Superior Energy Density Achieved in Unfilled Tungsten Bronze Ferroelectrics via Multiscale Regulation Strategy

Abstract

The most promising candidates for energy storage capacitor application are relaxor ferroelectrics, among which, the perovskite structure ferroelectric ceramics have witnessed great development progress. However, less attention has been paid on tetragonal tungsten bronze structure (TTBS) ceramics because of their lower breakdown strength and polarization. Herein, a multiscale regulation strategy is proposed to tune the energy storage performances (ESP) of TTBS ceramics from grain, domain, and macroscopic scale. The enhanced relaxor behavior with dynamic polar nanodomains guarantees low remanent polarization, while the refined grains and enlarged bandgap ensure increased breakdown strength. Hence, excellent ESP is realized in unfilled TTBS Sr_0.425 La_0.1 □_0.05 Ba_0.425 Nb_1.4 Ta_0.6 O₆ (SLBNT) ceramics with an ultrahigh recoverable energy density of 5.895 J cm^-3 and a high efficiency of 85.37%. This achievement notably surpasses previous studies in TTBS ceramics and is comparable to that of perovskite components. Meanwhile, the energy density exhibits a wide temperature, frequency, and cycling fatigue stability.
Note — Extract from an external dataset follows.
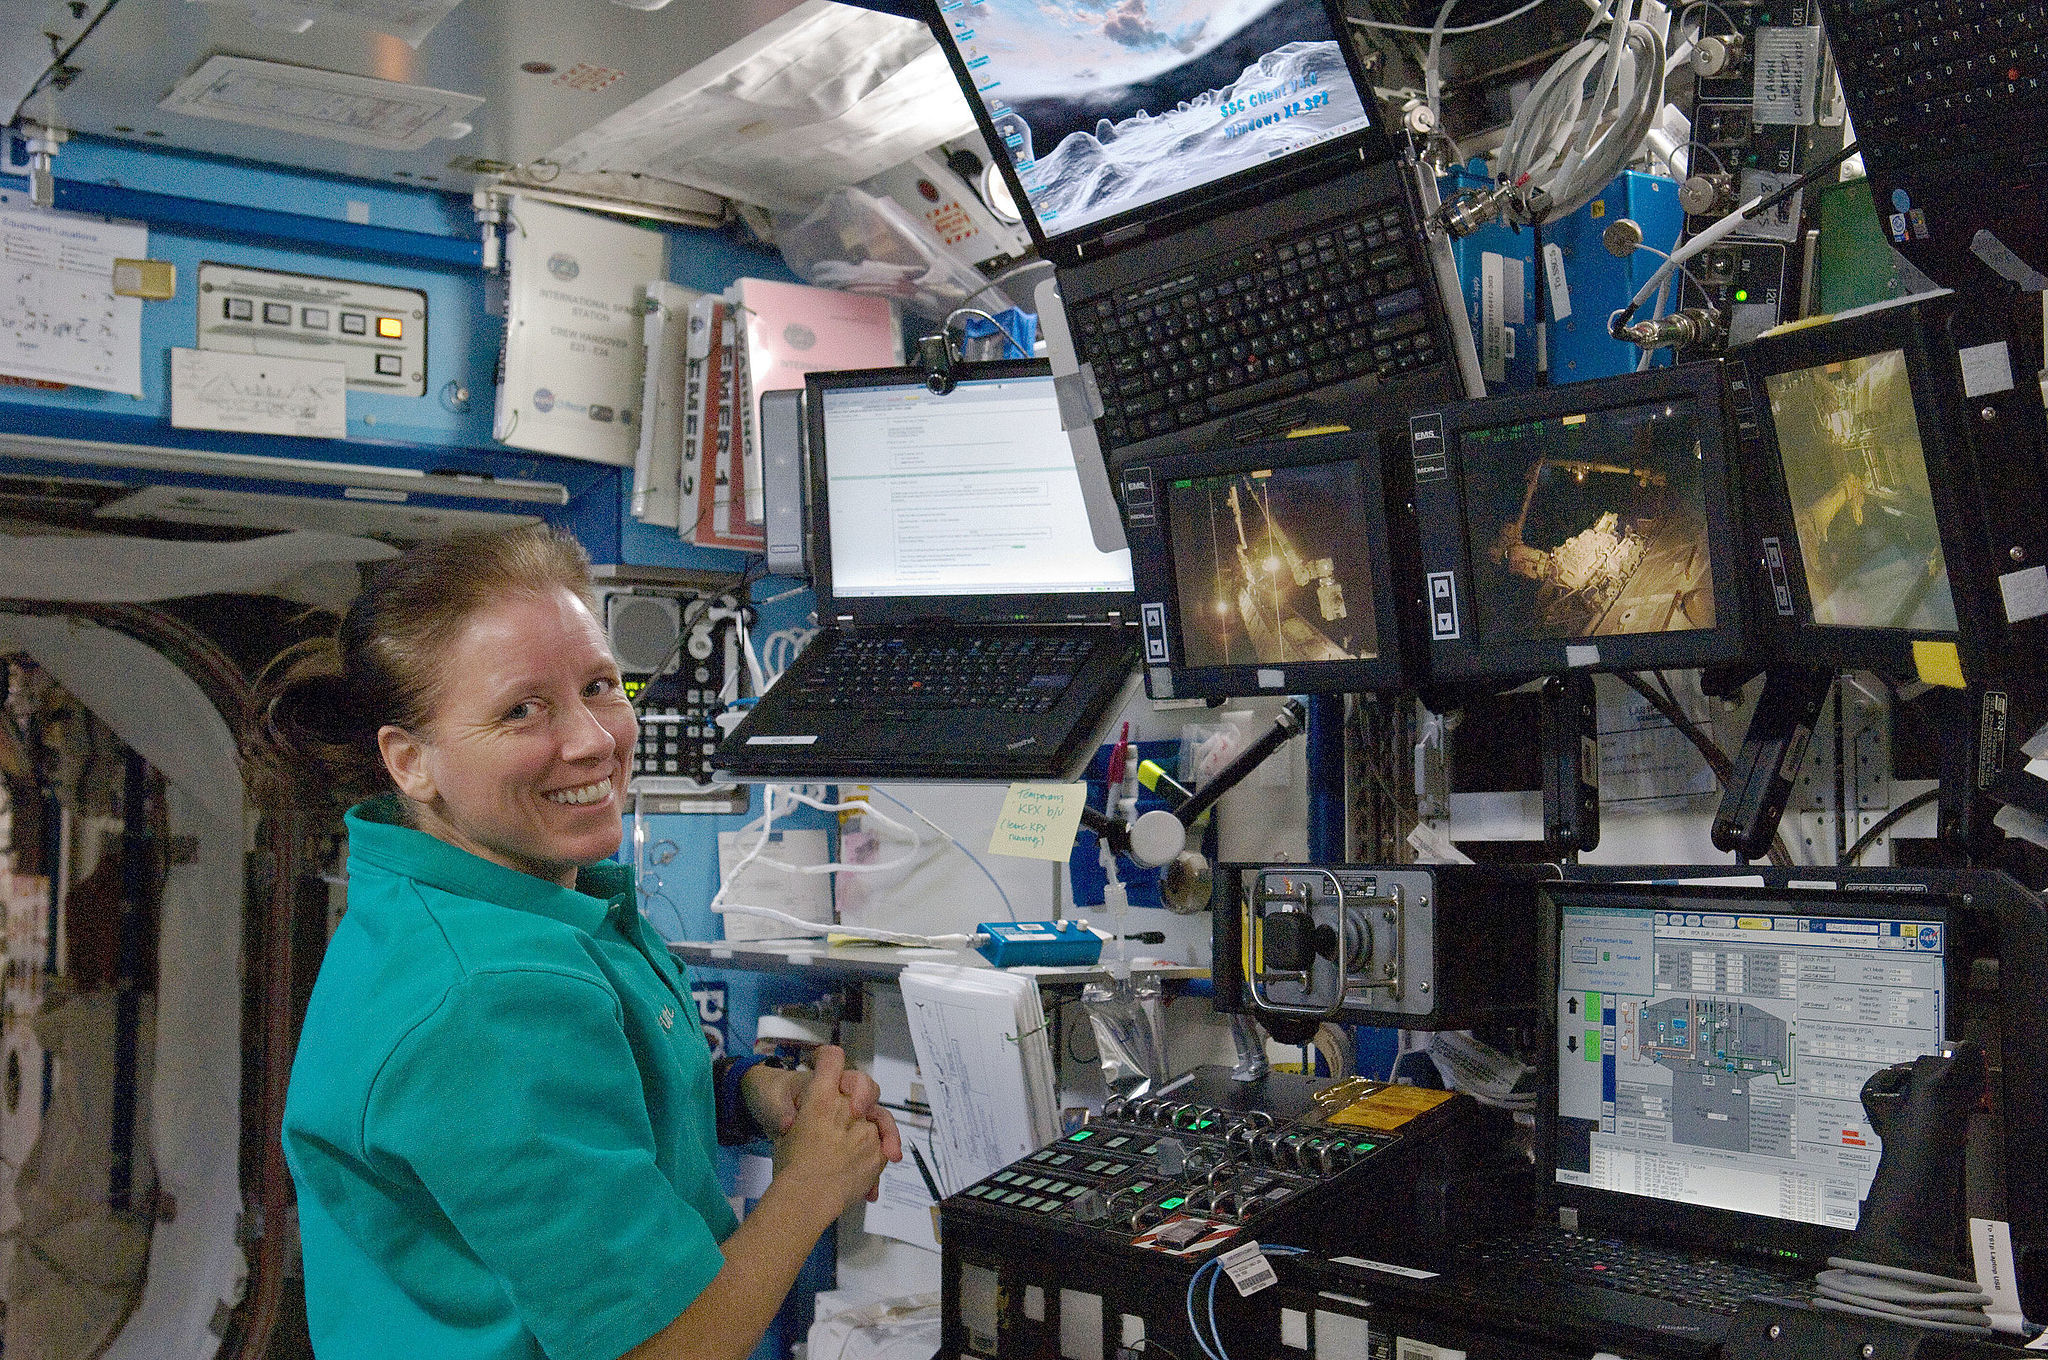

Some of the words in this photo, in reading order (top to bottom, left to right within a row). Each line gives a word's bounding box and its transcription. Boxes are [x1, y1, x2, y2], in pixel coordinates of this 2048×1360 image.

In addition, high power density (257.89 MW cm^-3 ), especially the ultrafast discharge time (t_0.9 = 16.4 ns) are achieved. The multiscale regulation strategy unlocks the energy storage potential of TTBS ceramics and thus highlights TTBS ceramics as promising candidates for energy storage, like perovskite structured ceramics.

Keywords: charge-discharging; energy storage density; multiscale regulation strategy; polar nanoregion; tungsten bronze ferroelectrics.